Information relating to the watermark and the digital media object
is stored in the subscriber database for the associated user.
[0069] Any desired watermarking or fingerprinting technique can be
used. One option is to use a limited number of watermarks, a
so-called watermark pool. Each packet in a defined number of
successive extracted packets in a bidirectional connection gets an
individual watermark wherein extracted packets travelling via a
bidirectional connection are distinguishable from packets
travelling via another bidirectional connection by different
combinations of subsequent watermarks.
[0070] The watermarks are quite transparent to a terminal that has
received the extracted packets. Then, if illegal copies of a movie
are found, an origin of the copies can easily found by comparing
watermarks in the copies with the watermarks stored in the
subscriber database. It may be enough to watermark one single
packet only because it is sufficient to find one watermark only to
proof the source of a copy.
[0071] As stated previously, there is an option to substitute the
extracted packets with replacement packets, step 303. If that step
is taken then the replacement packets must be removed in a
terminal, step 307. A replacement packet to be removed may be
recognized from a predefined constant bit pattern in the payload or
a predefined token in a header field.
[0072] Then, after the terminal has sent the request for extracted
packets, it starts to monitor the packet stream arriving from the
broadcast channel for detecting a missing packet. The location of
an extracted packet is detected by monitoring either replacement
packets if the replacement option is used or by monitoring packet
numbers for a missing packet number, step 308.

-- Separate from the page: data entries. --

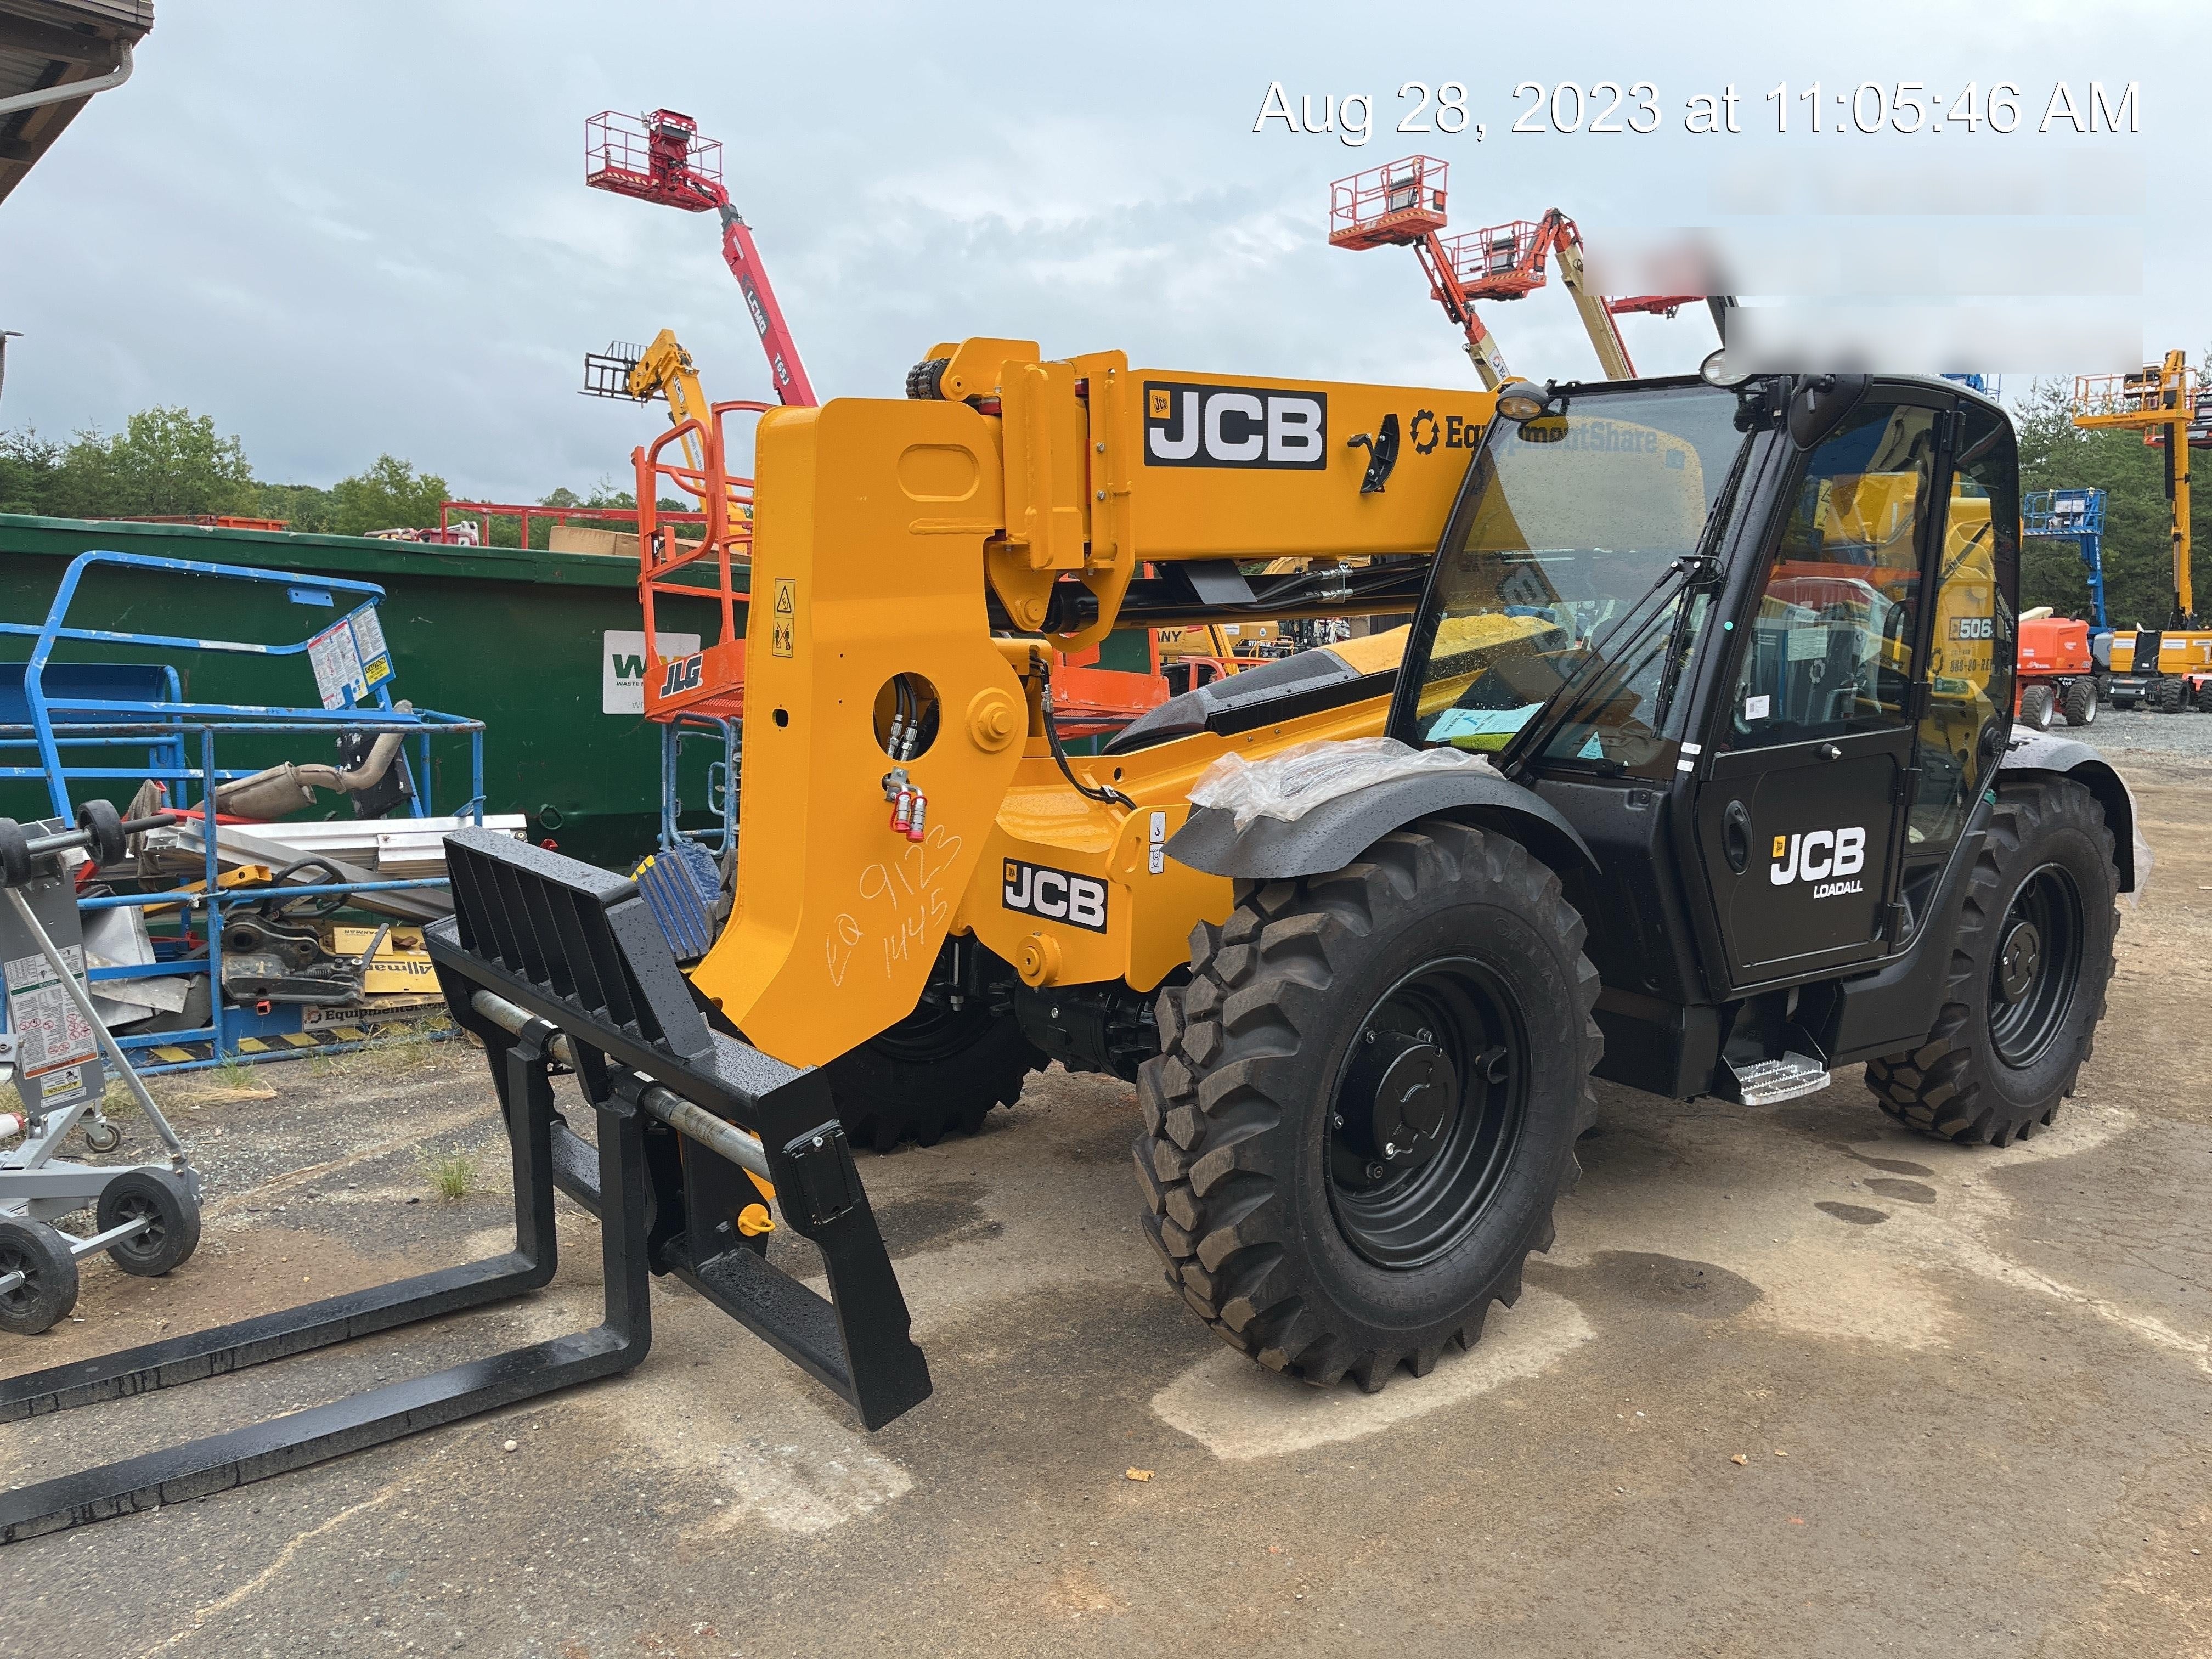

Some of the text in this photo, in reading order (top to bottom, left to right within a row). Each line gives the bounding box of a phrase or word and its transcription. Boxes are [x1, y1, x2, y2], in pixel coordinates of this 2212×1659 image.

[774, 353, 790, 386] T65J
[1155, 397, 1167, 410] JCB
[1149, 392, 1323, 462] JCB
[366, 658, 385, 673] CAUTION
[659, 653, 703, 699] JLG
[859, 824, 962, 910] 9123
[1770, 827, 1865, 885] JCB
[1005, 866, 1105, 927] JCB
[1813, 879, 1863, 899] LOADALL
[884, 888, 947, 979] 1445
[47, 1083, 71, 1096] CAUTION

[0073] There are two alternatives to proceed. Either every time as
a missing packet is detected in step 308, a request for the
extracted packet is sent to the media server. Or the first request
causes the media server to send extracted packets automatically as
long as the mobile terminal does not send a "close" message to the
media server. Such a message is sent automatically in response to a
channel change or shutting down the terminal, for example.
[0074] Every time when a packet has been received from the
bidirectional channel, it will be inserted to its original location
in the stream. Then the digital media object is presented in its
original quality on the display.
[0075] Reference is now made to FIG. 4, which illustrates
functional blocks of a media server. Media server 40 operates in
conjunction with a mobile operator's network 42 and a broadcast
operator's network 41, optionally using an intermediate computer
network such as the Internet for communication. Optionally, the
media server can also be incorporated into the broadcast operator's
network. The media server can communicate via a bi-directional
connection with mobile TV device 400 that is provided with a
wireless network unit allowing access to the mobile network.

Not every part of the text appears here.